### Data to process:

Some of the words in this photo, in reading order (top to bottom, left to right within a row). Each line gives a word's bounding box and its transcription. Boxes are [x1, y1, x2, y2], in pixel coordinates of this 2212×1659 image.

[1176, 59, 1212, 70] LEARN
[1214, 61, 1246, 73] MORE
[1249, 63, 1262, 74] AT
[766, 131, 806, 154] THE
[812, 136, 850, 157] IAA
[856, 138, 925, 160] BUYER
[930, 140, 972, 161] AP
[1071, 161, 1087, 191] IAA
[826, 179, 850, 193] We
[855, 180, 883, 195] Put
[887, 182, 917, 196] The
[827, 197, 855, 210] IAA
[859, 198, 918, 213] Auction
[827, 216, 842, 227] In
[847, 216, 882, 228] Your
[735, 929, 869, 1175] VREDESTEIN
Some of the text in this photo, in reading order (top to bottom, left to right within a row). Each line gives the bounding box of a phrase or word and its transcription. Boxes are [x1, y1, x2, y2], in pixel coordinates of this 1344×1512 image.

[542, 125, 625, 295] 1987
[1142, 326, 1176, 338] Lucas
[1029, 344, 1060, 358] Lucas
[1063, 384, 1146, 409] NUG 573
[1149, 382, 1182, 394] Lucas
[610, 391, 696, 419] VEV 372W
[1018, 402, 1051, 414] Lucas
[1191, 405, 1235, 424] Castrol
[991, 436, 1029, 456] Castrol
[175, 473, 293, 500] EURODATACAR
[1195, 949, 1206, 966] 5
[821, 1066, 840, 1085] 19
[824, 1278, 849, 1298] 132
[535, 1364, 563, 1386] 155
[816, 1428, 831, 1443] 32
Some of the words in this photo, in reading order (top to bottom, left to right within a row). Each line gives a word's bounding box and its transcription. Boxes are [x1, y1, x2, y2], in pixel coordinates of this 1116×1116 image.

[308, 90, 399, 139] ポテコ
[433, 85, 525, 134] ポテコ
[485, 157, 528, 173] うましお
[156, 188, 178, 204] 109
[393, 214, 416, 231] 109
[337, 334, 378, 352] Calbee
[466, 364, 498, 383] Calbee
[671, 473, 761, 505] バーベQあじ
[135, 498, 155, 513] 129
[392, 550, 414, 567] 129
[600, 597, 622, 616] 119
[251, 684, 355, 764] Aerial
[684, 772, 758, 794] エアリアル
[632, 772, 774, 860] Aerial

### Activity:
Retype every entry without changing anything.

### Finished task:
Some of the words in this photo, in reading order (top to bottom, left to right within a row). Each line gives a word's bounding box and its transcription. Boxes are [x1, y1, x2, y2], in pixel coordinates of this 2212×1659 image.

[1176, 59, 1212, 70] LEARN
[1214, 61, 1246, 73] MORE
[1249, 63, 1262, 74] AT
[766, 131, 806, 154] THE
[812, 136, 850, 157] IAA
[856, 138, 925, 160] BUYER
[930, 140, 972, 161] AP
[1071, 161, 1087, 191] IAA
[826, 179, 850, 193] We
[855, 180, 883, 195] Put
[887, 182, 917, 196] The
[827, 197, 855, 210] IAA
[859, 198, 918, 213] Auction
[827, 216, 842, 227] In
[847, 216, 882, 228] Your
[735, 929, 869, 1175] VREDESTEIN
Some of the text in this photo, in reading order (top to bottom, left to right within a row). Each line gives the bounding box of a phrase or word and its transcription. Boxes are [x1, y1, x2, y2], in pixel coordinates of this 1344×1512 image.

[542, 125, 625, 295] 1987
[1142, 326, 1176, 338] Lucas
[1029, 344, 1060, 358] Lucas
[1063, 384, 1146, 409] NUG 573
[1149, 382, 1182, 394] Lucas
[610, 391, 696, 419] VEV 372W
[1018, 402, 1051, 414] Lucas
[1191, 405, 1235, 424] Castrol
[991, 436, 1029, 456] Castrol
[175, 473, 293, 500] EURODATACAR
[1195, 949, 1206, 966] 5
[821, 1066, 840, 1085] 19
[824, 1278, 849, 1298] 132
[535, 1364, 563, 1386] 155
[816, 1428, 831, 1443] 32
Some of the words in this photo, in reading order (top to bottom, left to right within a row). Each line gives a word's bounding box and its transcription. Boxes are [x1, y1, x2, y2], in pixel coordinates of this 1116×1116 image.

[308, 90, 399, 139] ポテコ
[433, 85, 525, 134] ポテコ
[485, 157, 528, 173] うましお
[156, 188, 178, 204] 109
[393, 214, 416, 231] 109
[337, 334, 378, 352] Calbee
[466, 364, 498, 383] Calbee
[671, 473, 761, 505] バーベQあじ
[135, 498, 155, 513] 129
[392, 550, 414, 567] 129
[600, 597, 622, 616] 119
[251, 684, 355, 764] Aerial
[684, 772, 758, 794] エアリアル
[632, 772, 774, 860] Aerial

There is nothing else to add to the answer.